Word for word, and without a single picture, repeat the entries.

□ □ □ □

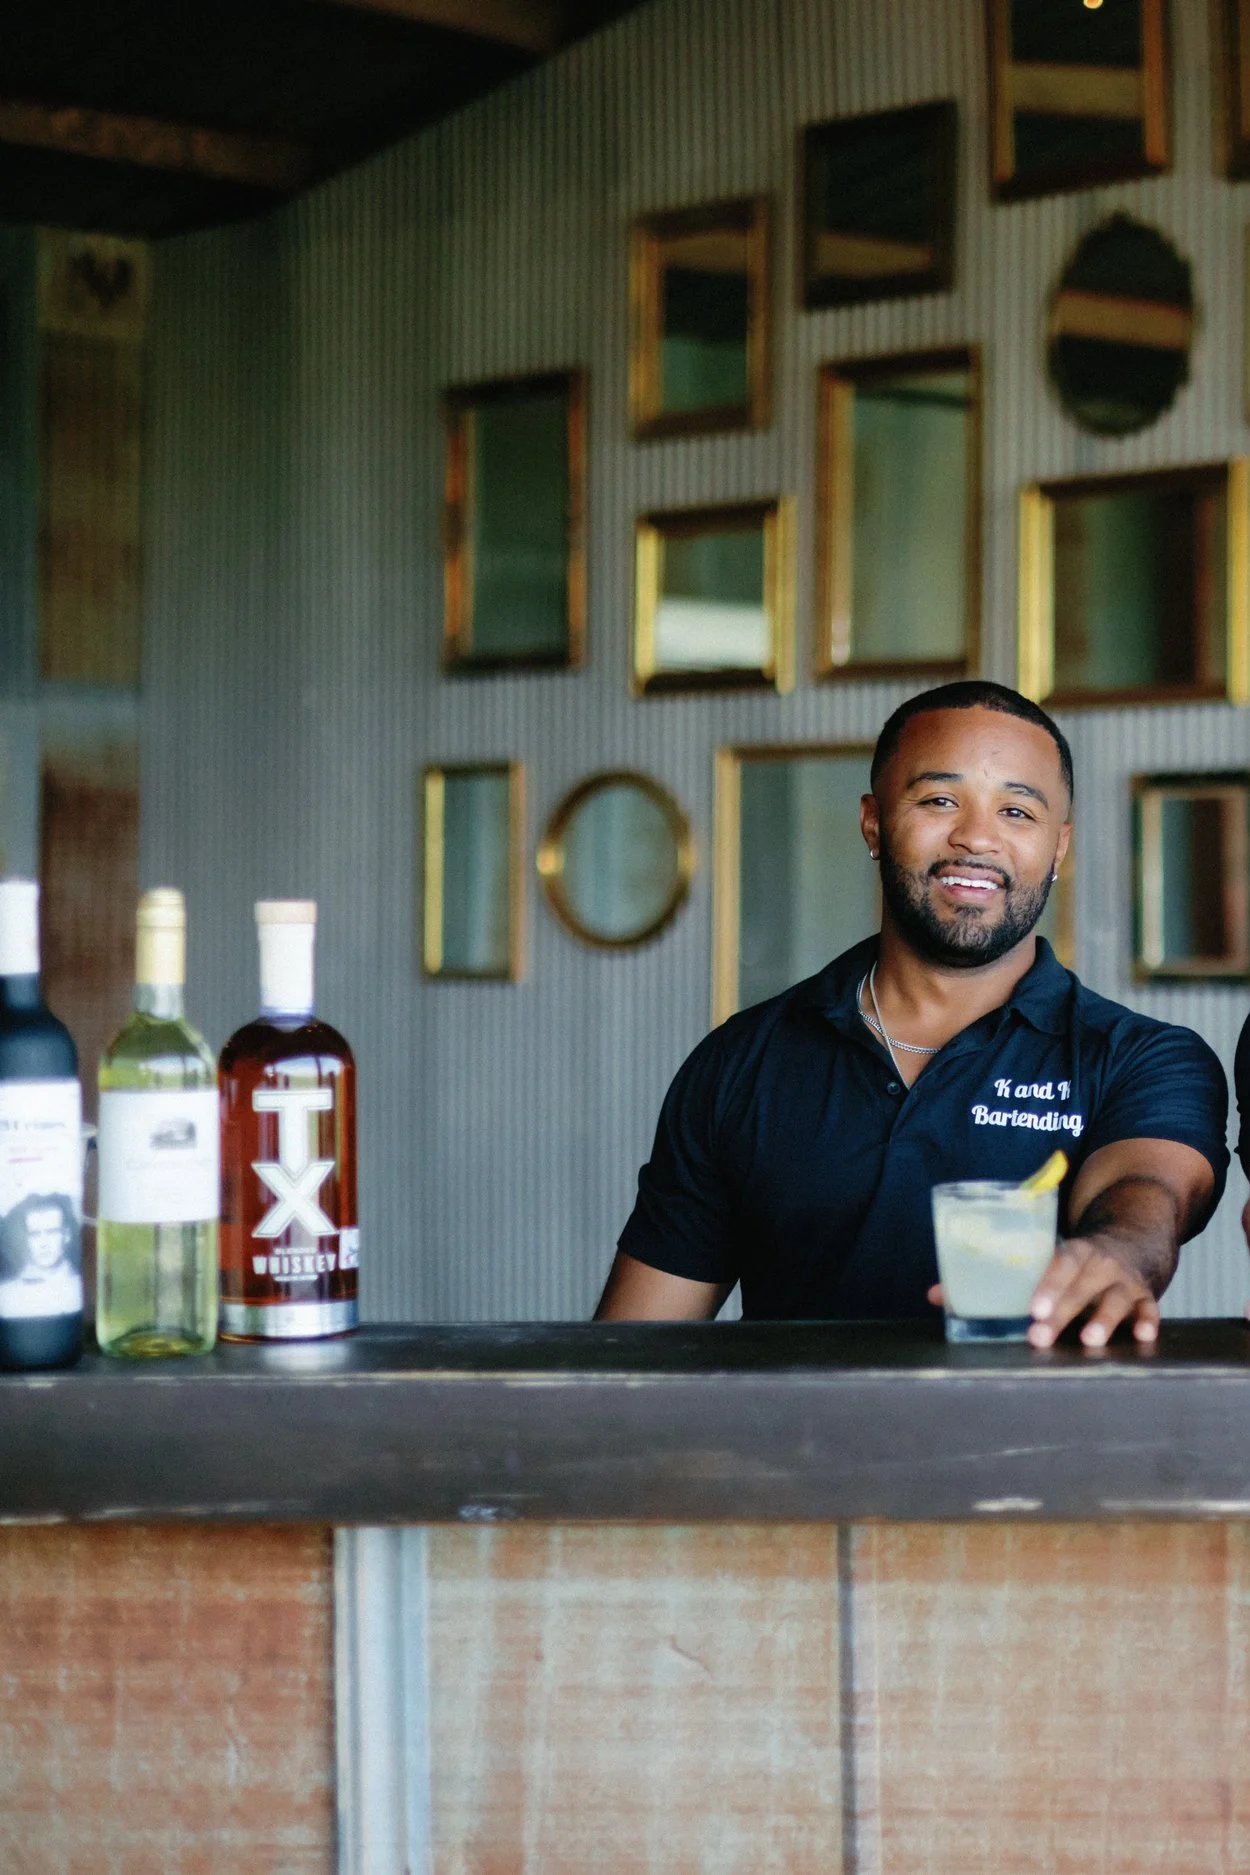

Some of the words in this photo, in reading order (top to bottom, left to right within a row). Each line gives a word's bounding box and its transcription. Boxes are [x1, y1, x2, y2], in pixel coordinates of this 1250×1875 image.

[994, 1079, 1012, 1099] K
[1015, 1082, 1055, 1100] and
[1057, 1080, 1071, 1100] K
[971, 1105, 1084, 1137] Bartending
[252, 1253, 336, 1275] WHISKEY
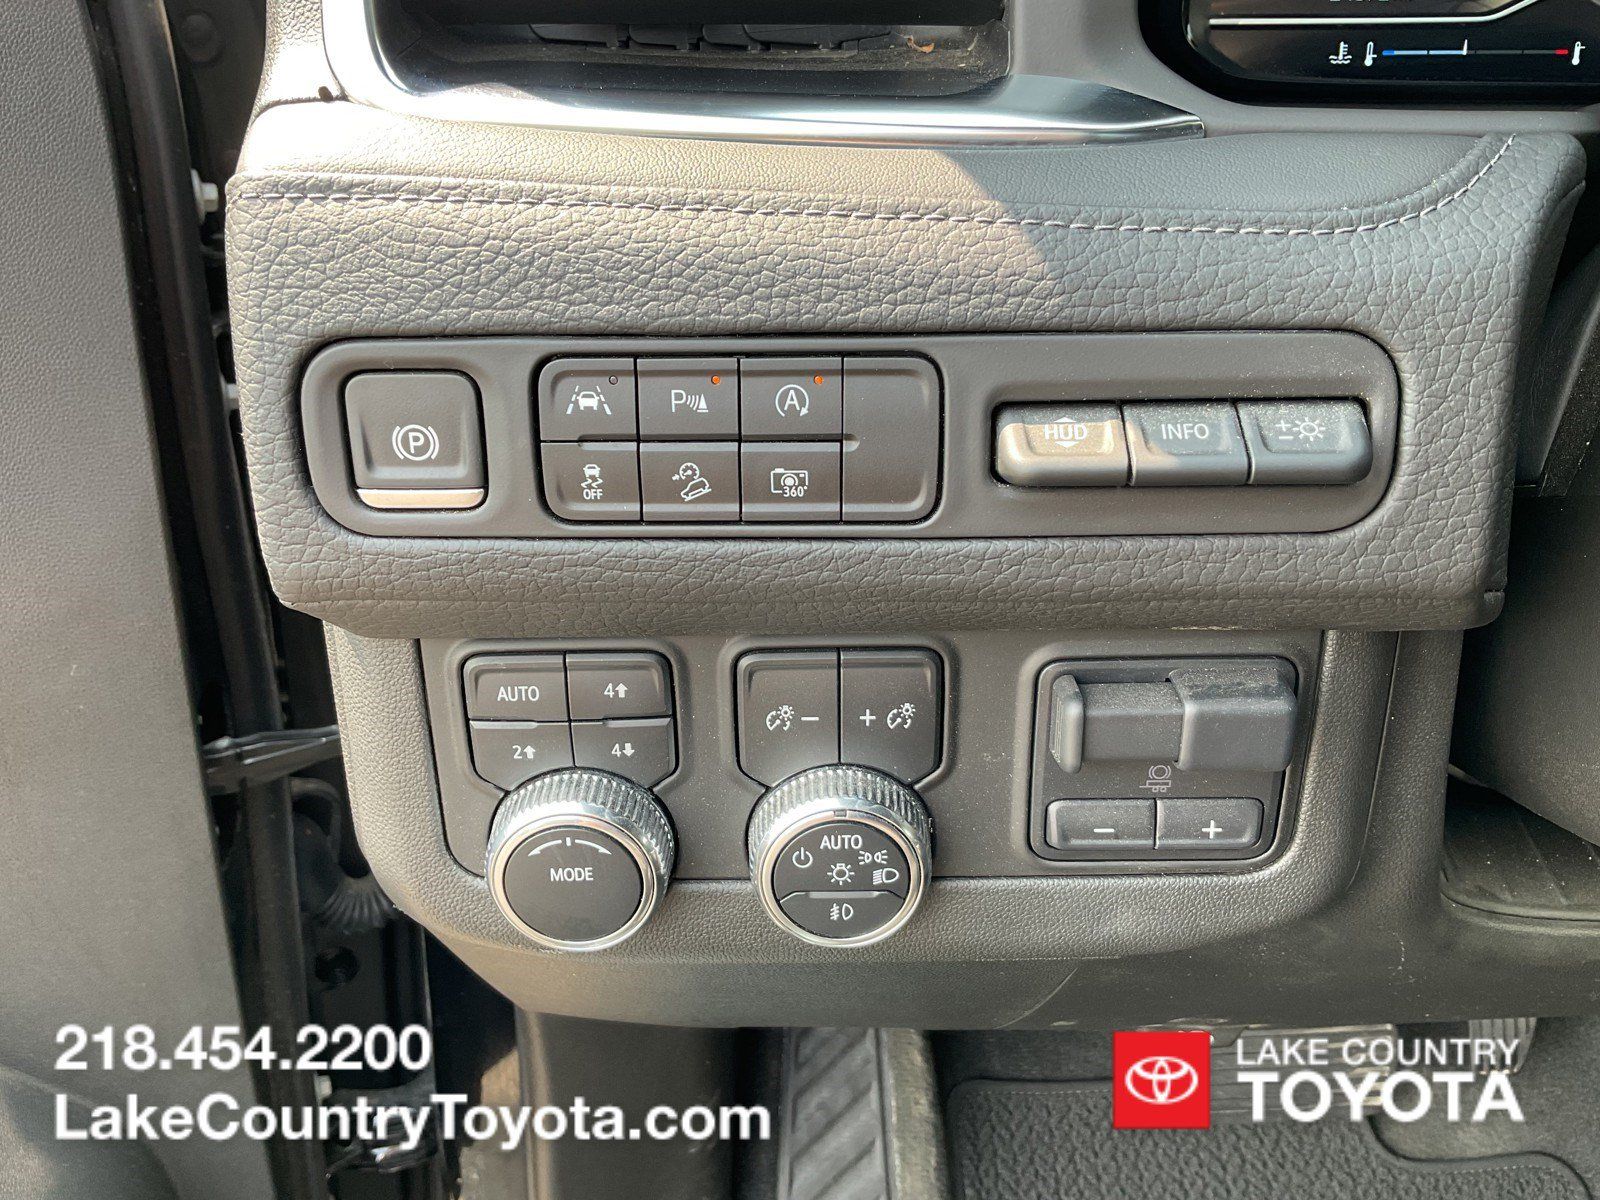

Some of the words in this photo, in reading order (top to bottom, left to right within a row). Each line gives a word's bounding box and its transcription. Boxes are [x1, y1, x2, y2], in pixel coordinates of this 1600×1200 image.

[1043, 424, 1088, 440] HUD
[1161, 423, 1210, 440] INFO
[582, 487, 604, 500] OFF
[497, 685, 540, 702] AUTO
[820, 834, 863, 850] AUTO
[550, 867, 594, 882] MODE
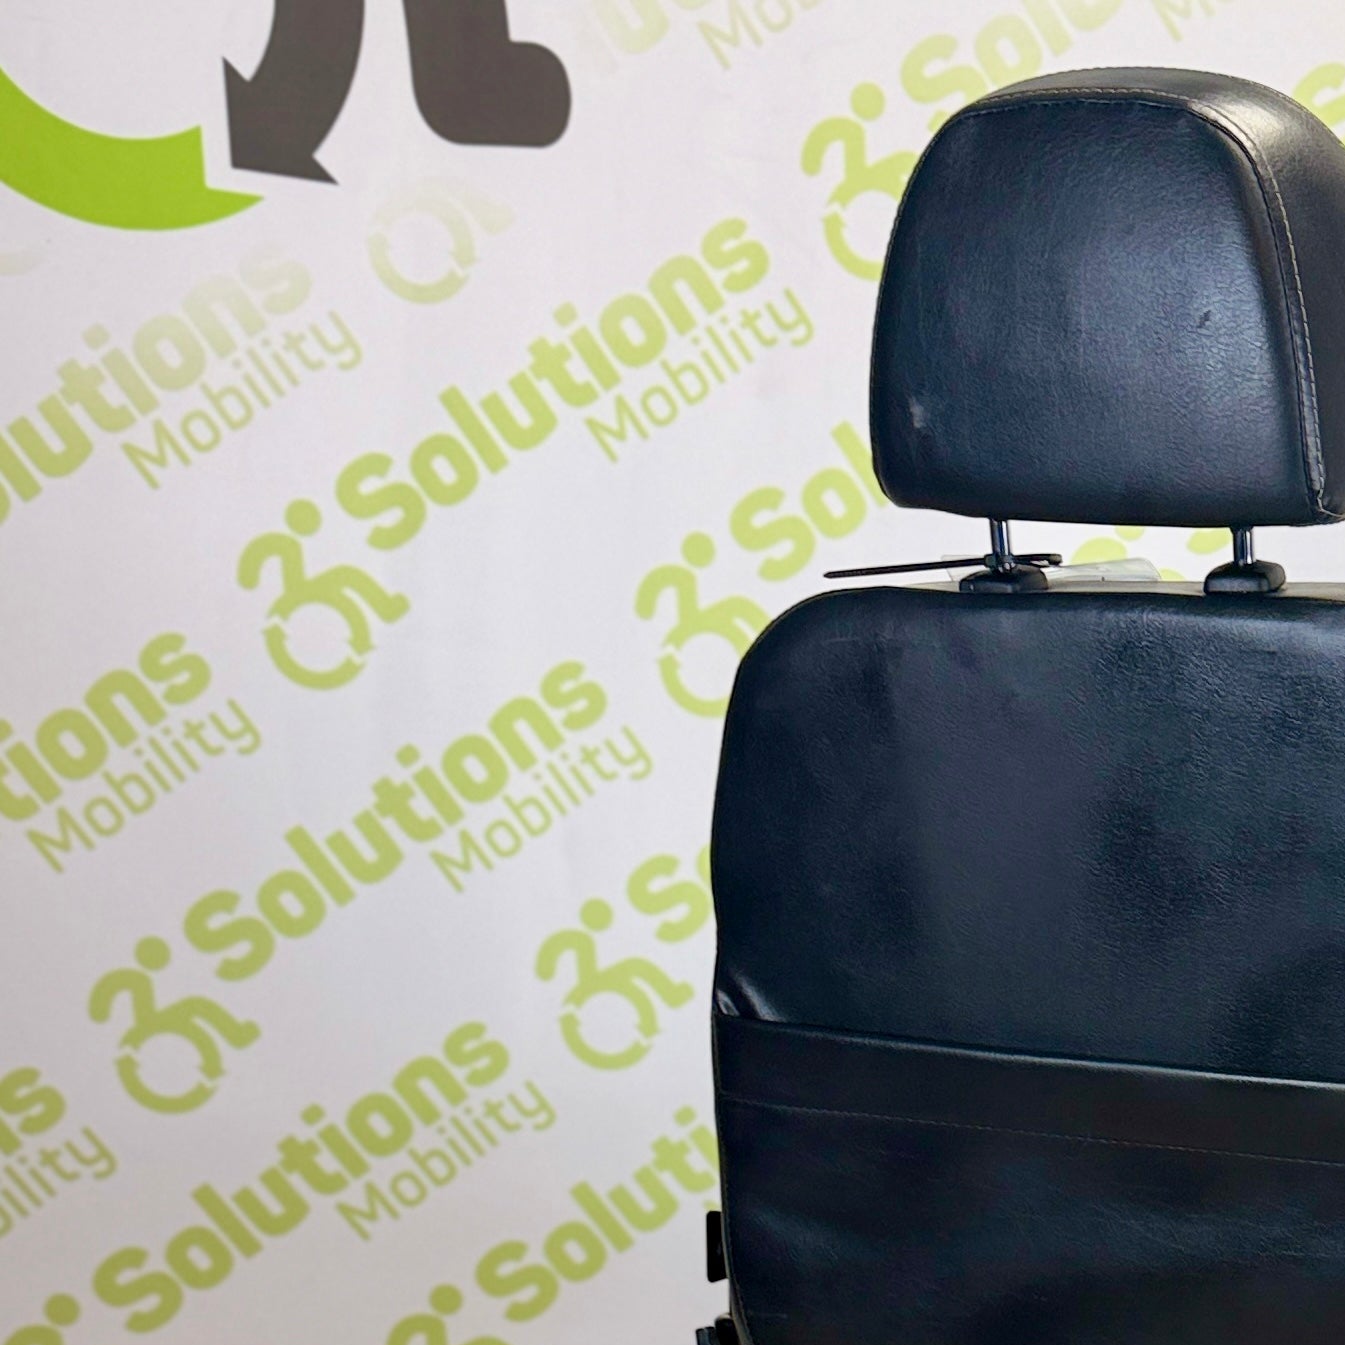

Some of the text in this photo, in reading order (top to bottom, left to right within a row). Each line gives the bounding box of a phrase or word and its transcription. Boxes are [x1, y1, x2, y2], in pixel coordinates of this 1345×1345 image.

□ □ □ □

→ Solution for this exercise:
Some of the words in this photo, in reading order (top to bottom, left to right within a row). Each line gives a word's bounding box and its transcription. Boxes are [x1, y1, x2, y2], in pixel coordinates of this 1250×1875 image.

[994, 1079, 1012, 1099] K
[1015, 1082, 1055, 1100] and
[1057, 1080, 1071, 1100] K
[971, 1105, 1084, 1137] Bartending
[252, 1253, 336, 1275] WHISKEY

Some of the words in this photo, in reading order (top to bottom, left to right within a row). Each line gives a word's bounding box and its transcription. Boxes are [x1, y1, x2, y2], in pixel coordinates of this 1600×1200 image.

[1043, 424, 1088, 440] HUD
[1161, 423, 1210, 440] INFO
[582, 487, 604, 500] OFF
[497, 685, 540, 702] AUTO
[820, 834, 863, 850] AUTO
[550, 867, 594, 882] MODE

Some of the text in this photo, in reading order (top to bottom, left to right within a row). Each line gives the bounding box of a phrase or word and its transcription. Boxes are [x1, y1, x2, y2], in pixel coordinates of this 1345×1345 image.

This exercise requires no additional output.